Early Retirement Finance

My biggest fear with early retirement is that I’d have to go back to work for a corporation again. What if we run out of money and can’t pay our bills? I don’t want to be a Walmart greeter when I’m 80. Early retirement can last 50+ years and your finance has to be able to support that. The early years are particularly important because if you don’t start off on the right foot, your finance will most likely keep spiraling downward over time. My goal is to keep increasing our net worth (or at least keep it stable) while we are still in our 40s and 50s. Once we’re 60, then I would be comfortable with drawing down our accounts.

Luckily, the economy has been great over the last few years and our net worth increased about 50% since I quit my job. That’s incredible! This tells me our finance is much more dependent on our investment than my old income. Things are great now, but the real test will come when the economy heads south. If we can come out of the next downturn okay, then I will be assured that my early retirement can go the distance.

Here are the things I’ve done to keep our finance on track.

  • Dry run – We saved all of the income from my old job for one year before I quit my job. This gave me the confidence I needed to retire early. It also acclimated us to living on a more moderate income.
  • Part time self employment – I make some money from Retire By 40 and that income is very helpful. I highly recommend working part time on something you enjoy. It brings in some extra income and keeps life interesting.
  • Mrs. RB40 still works – Mrs. RB40 enjoys her job so that’s a great advantage for our family. She is thinking about retiring in 2020.
  • Keep track of our cash flow– I go over our income and expense in detail every month (see the previous article before this one.) I don’t want to start depleting our funds yet so our income should be higher than our expense on the average. I think this is a very useful exercise for everyone. You can evaluate your expense monthly and see if your purchases really increase your level of happiness.
  • Dynamic projection – This is new, but I’m using Personal Capital’s Retirement Planner to project our retirement finance. It takes all our real expenses and investment into account and calculates our chance of having a successful retirement. Things look great for now, but it can change if our expenses increase too much or if too many investments go belly up. This is an easy way to look ahead so you can make an adjustment as needed.

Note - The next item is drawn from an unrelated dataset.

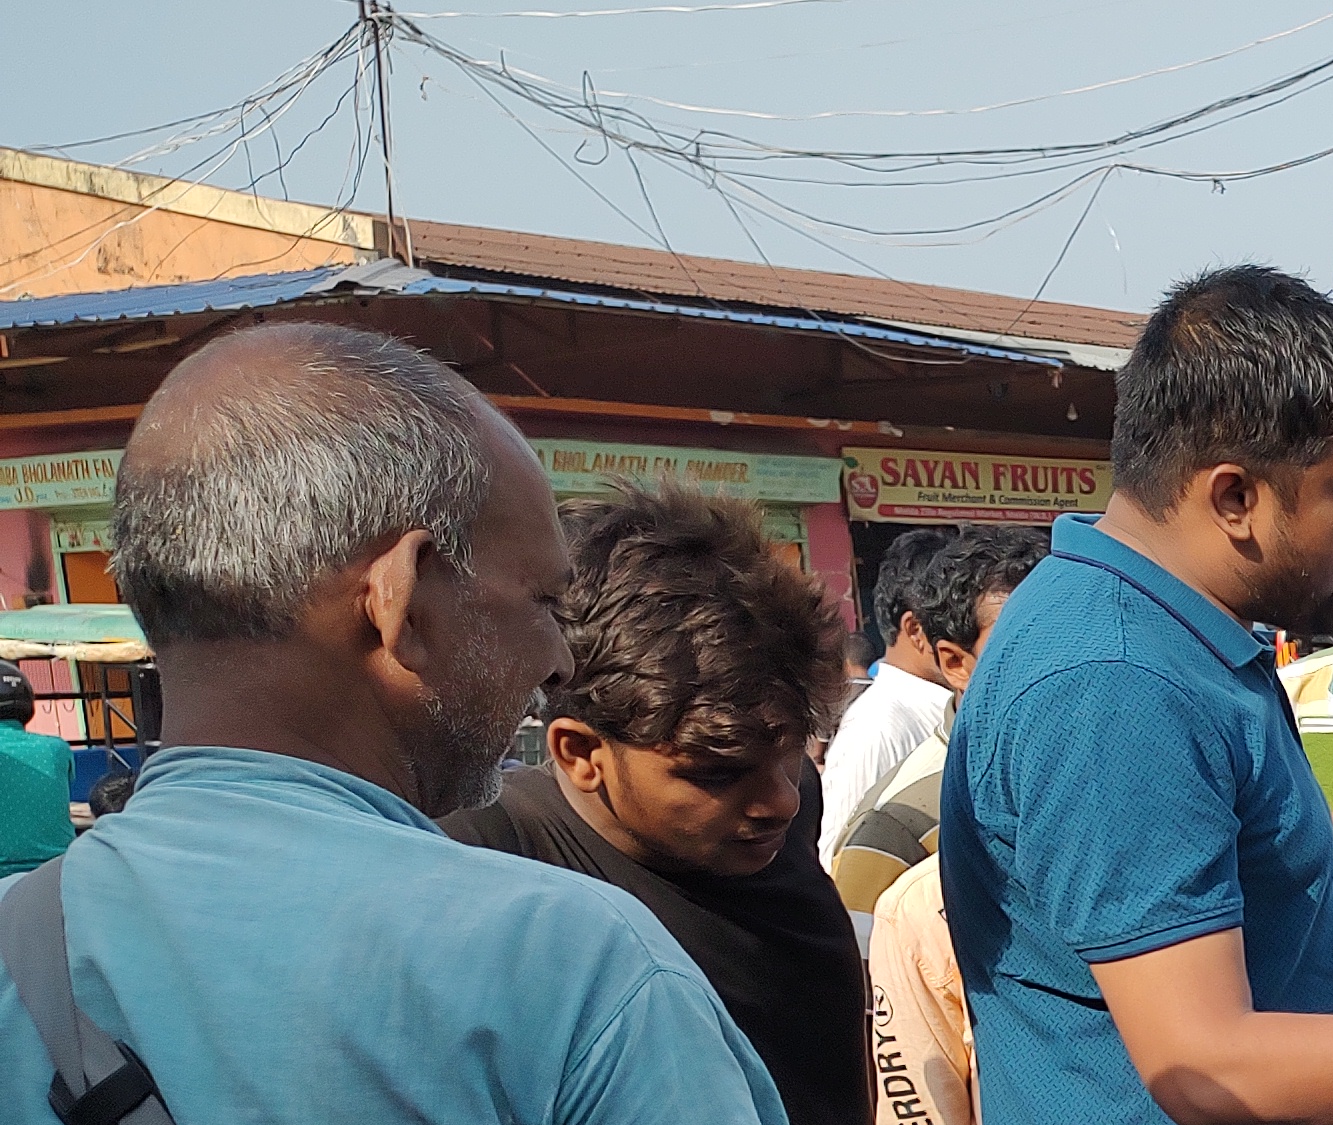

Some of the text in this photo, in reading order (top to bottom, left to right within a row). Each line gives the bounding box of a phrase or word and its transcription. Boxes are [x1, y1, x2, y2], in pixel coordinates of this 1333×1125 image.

Anyway, our finance is doing quite well, but it’s only been 3 years. We need to be vigilant so our retirement finance can remain healthy for the next 40+ years.

Early Retirement Purpose

Actually, finance is probably the easiest part of early retirement once you have settled into a routine. For us, we just need to make sure our cash flow is positive and keep investing. The tougher part is to find a purpose after leaving your career. Last week, I overheard a retired guy at a restaurant. He said “the worse part of retirement is sitting on the couch.” I agree completely. You can’t sit on the couch all day and watch TV. You need to do something to keep life interesting. Sitting at home all day is a quick ticket to Depressionville. Luckily, I have a couple of long term projects that keep me extremely busy.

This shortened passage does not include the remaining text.